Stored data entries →
....
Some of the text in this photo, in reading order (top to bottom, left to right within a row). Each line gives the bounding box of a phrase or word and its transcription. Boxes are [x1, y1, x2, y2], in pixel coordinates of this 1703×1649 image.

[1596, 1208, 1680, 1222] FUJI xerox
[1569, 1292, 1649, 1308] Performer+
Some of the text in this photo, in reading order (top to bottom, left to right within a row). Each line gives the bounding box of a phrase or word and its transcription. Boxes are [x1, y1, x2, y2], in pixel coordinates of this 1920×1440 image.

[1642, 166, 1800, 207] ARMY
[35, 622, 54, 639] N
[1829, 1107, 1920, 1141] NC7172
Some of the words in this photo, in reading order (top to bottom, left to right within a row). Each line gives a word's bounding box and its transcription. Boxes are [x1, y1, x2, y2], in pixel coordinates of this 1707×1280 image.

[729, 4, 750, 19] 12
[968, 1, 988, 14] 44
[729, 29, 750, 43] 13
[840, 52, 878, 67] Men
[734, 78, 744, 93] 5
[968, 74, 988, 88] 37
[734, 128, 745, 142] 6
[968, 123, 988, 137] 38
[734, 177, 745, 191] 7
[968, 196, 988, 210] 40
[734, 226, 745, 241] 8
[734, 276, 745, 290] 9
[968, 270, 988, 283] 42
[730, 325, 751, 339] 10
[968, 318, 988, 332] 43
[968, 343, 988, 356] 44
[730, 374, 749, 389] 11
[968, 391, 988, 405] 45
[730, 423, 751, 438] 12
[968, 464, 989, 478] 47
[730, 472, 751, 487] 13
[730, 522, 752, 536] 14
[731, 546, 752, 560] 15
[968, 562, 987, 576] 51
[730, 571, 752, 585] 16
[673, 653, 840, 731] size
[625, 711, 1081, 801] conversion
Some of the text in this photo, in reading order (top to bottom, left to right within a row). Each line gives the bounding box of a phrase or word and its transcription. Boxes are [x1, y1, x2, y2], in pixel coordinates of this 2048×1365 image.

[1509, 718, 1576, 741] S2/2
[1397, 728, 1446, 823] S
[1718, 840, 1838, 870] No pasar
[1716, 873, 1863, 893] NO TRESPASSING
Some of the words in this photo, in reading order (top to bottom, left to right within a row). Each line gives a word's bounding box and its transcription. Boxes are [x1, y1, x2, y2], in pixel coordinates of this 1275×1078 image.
....
Description of the task →
Transcribe the data in full, keeping every character.

Finished task →
Some of the text in this photo, in reading order (top to bottom, left to right within a row). Each line gives the bounding box of a phrase or word and its transcription. Boxes are [x1, y1, x2, y2], in pixel coordinates of this 1703×1649 image.

[1596, 1208, 1680, 1222] FUJI xerox
[1569, 1292, 1649, 1308] Performer+
Some of the text in this photo, in reading order (top to bottom, left to right within a row). Each line gives the bounding box of a phrase or word and its transcription. Boxes are [x1, y1, x2, y2], in pixel coordinates of this 1920×1440 image.

[1642, 166, 1800, 207] ARMY
[35, 622, 54, 639] N
[1829, 1107, 1920, 1141] NC7172
Some of the words in this photo, in reading order (top to bottom, left to right within a row). Each line gives a word's bounding box and its transcription. Boxes are [x1, y1, x2, y2], in pixel coordinates of this 1707×1280 image.

[729, 4, 750, 19] 12
[968, 1, 988, 14] 44
[729, 29, 750, 43] 13
[840, 52, 878, 67] Men
[734, 78, 744, 93] 5
[968, 74, 988, 88] 37
[734, 128, 745, 142] 6
[968, 123, 988, 137] 38
[734, 177, 745, 191] 7
[968, 196, 988, 210] 40
[734, 226, 745, 241] 8
[734, 276, 745, 290] 9
[968, 270, 988, 283] 42
[730, 325, 751, 339] 10
[968, 318, 988, 332] 43
[968, 343, 988, 356] 44
[730, 374, 749, 389] 11
[968, 391, 988, 405] 45
[730, 423, 751, 438] 12
[968, 464, 989, 478] 47
[730, 472, 751, 487] 13
[730, 522, 752, 536] 14
[731, 546, 752, 560] 15
[968, 562, 987, 576] 51
[730, 571, 752, 585] 16
[673, 653, 840, 731] size
[625, 711, 1081, 801] conversion
Some of the text in this photo, in reading order (top to bottom, left to right within a row). Each line gives the bounding box of a phrase or word and its transcription. Boxes are [x1, y1, x2, y2], in pixel coordinates of this 2048×1365 image.

[1509, 718, 1576, 741] S2/2
[1397, 728, 1446, 823] S
[1718, 840, 1838, 870] No pasar
[1716, 873, 1863, 893] NO TRESPASSING
Some of the words in this photo, in reading order (top to bottom, left to right within a row). Each line gives a word's bounding box and its transcription. Boxes are [x1, y1, x2, y2], in pixel coordinates of this 1275×1078 image.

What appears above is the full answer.